Les moyens d’actions des syndicats et des associations

La loi accorde aux syndicats et aux associations sans but lucratif le droit d’agir en justice contre l’employeur, à condition que le salarié dont ils défendent les droits ne s’y oppose pas.

  • Lorsqu’une action née d’une convention collective de travail ou d’un accord en matière de dialogue social interprofessionnel est intentée par une personne liée par ce contrat collectif ou accord, toute organisation syndicale partie à cette convention ou à cet accord peut toujours intervenir dans l’instance engagée si la solution du litige peut présenter un intérêt collectif pour ses membres, sauf désaccord dûment écrit de la part de la personne ayant intenté l’action.

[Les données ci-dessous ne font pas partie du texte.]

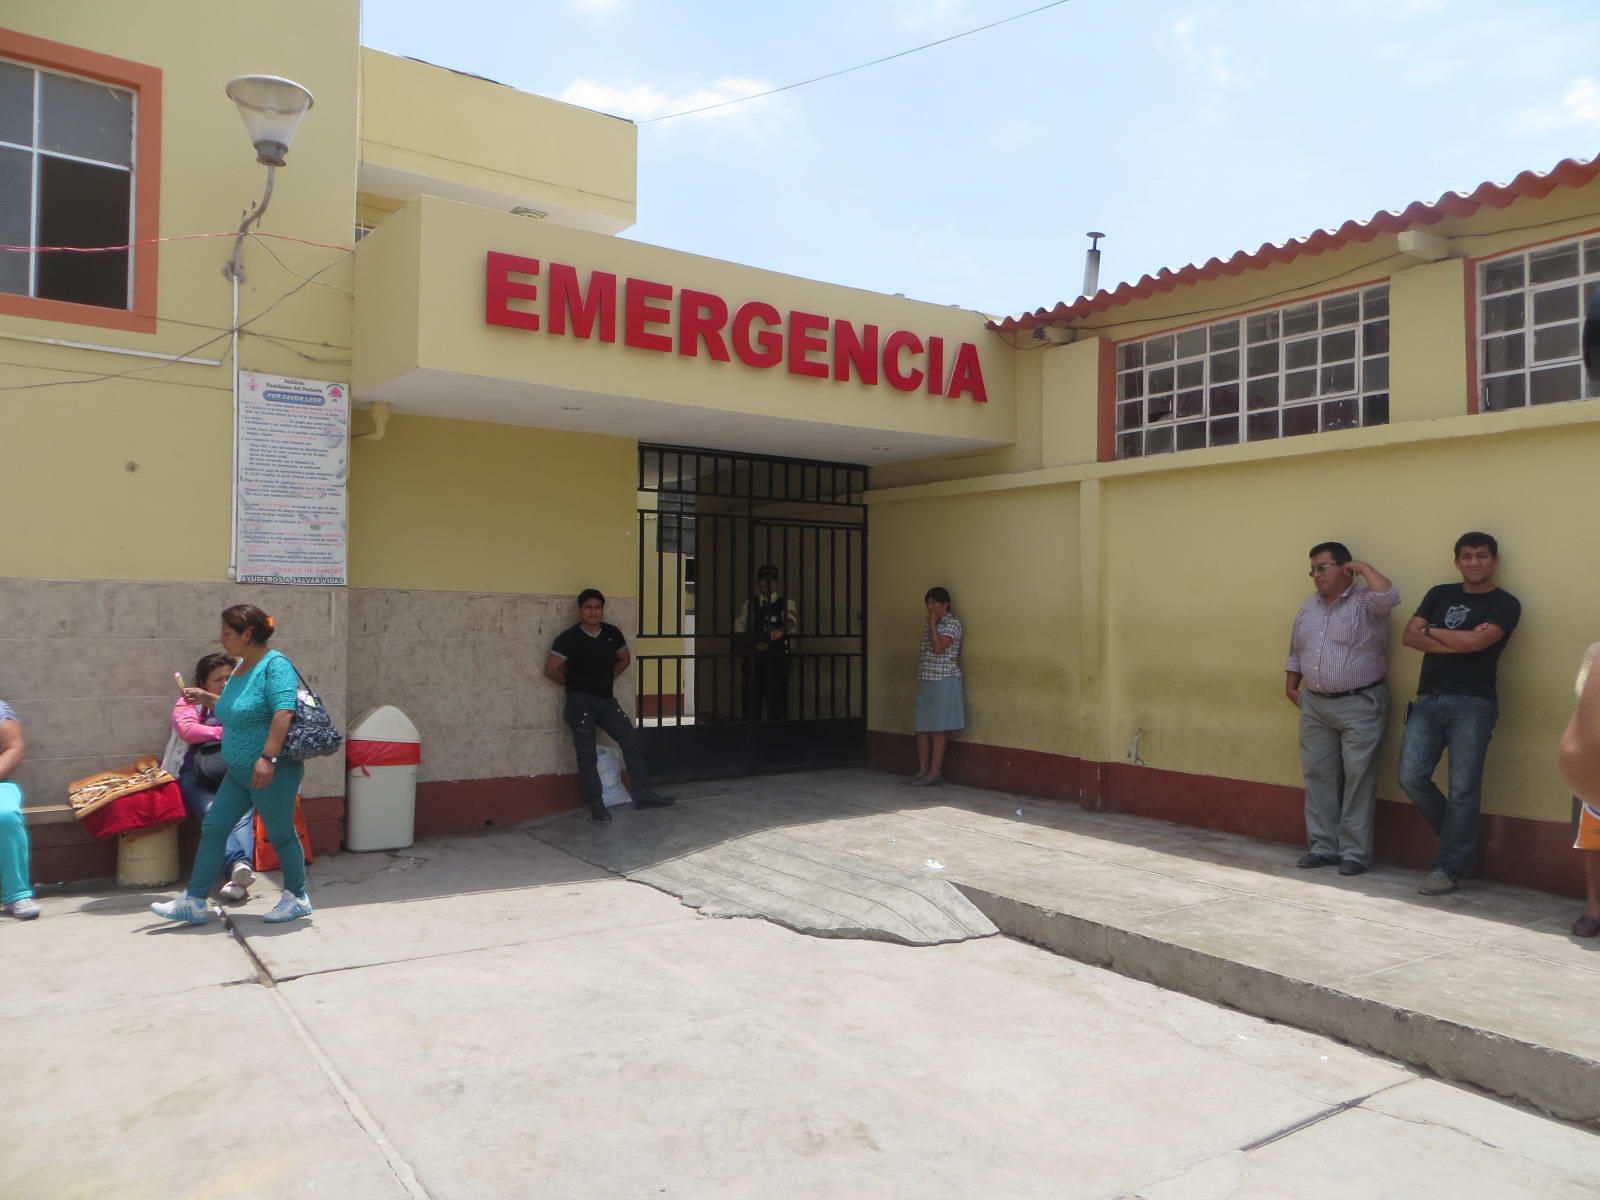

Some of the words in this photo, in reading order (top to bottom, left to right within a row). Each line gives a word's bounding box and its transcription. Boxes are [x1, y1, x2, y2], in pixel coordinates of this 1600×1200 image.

  • De même les organisations syndicales justifiant de la représentativité nationale générale ou d’une représentativité dans un secteur particulièrement important de l’économie  peuvent exercer devant les juridictions civiles ou administratives, les droits reconnus à la victime d’une discrimination en ce qui concerne des faits susceptibles de constituer des discriminations et portant un préjudice direct ou indirect aux intérêts collectifs qu’elles ont pour objet de défendre en vertu de leur objet, même si elles ne justifient pas d’un intérêt matériel ou moral.

  • Les associations sans but lucratif, jouissant de la personnalité juridique depuis au moins un an, agréées par le Ministre de la justice et dont l’activité statutaire consiste à combattre la discrimination, peuvent exercer devant les juridictions civiles ou administratives, les droits reconnus à la victime d’une discrimination en ce qui concerne des faits constituant une violation du principe de l’égalité de traitement et portant un préjudice direct ou indirect aux intérêts collectifs qu’elles ont pour objet de défendre en vertu de leur objet statutaire, même si elles ne justifient pas d’un intérêt matériel oumoral.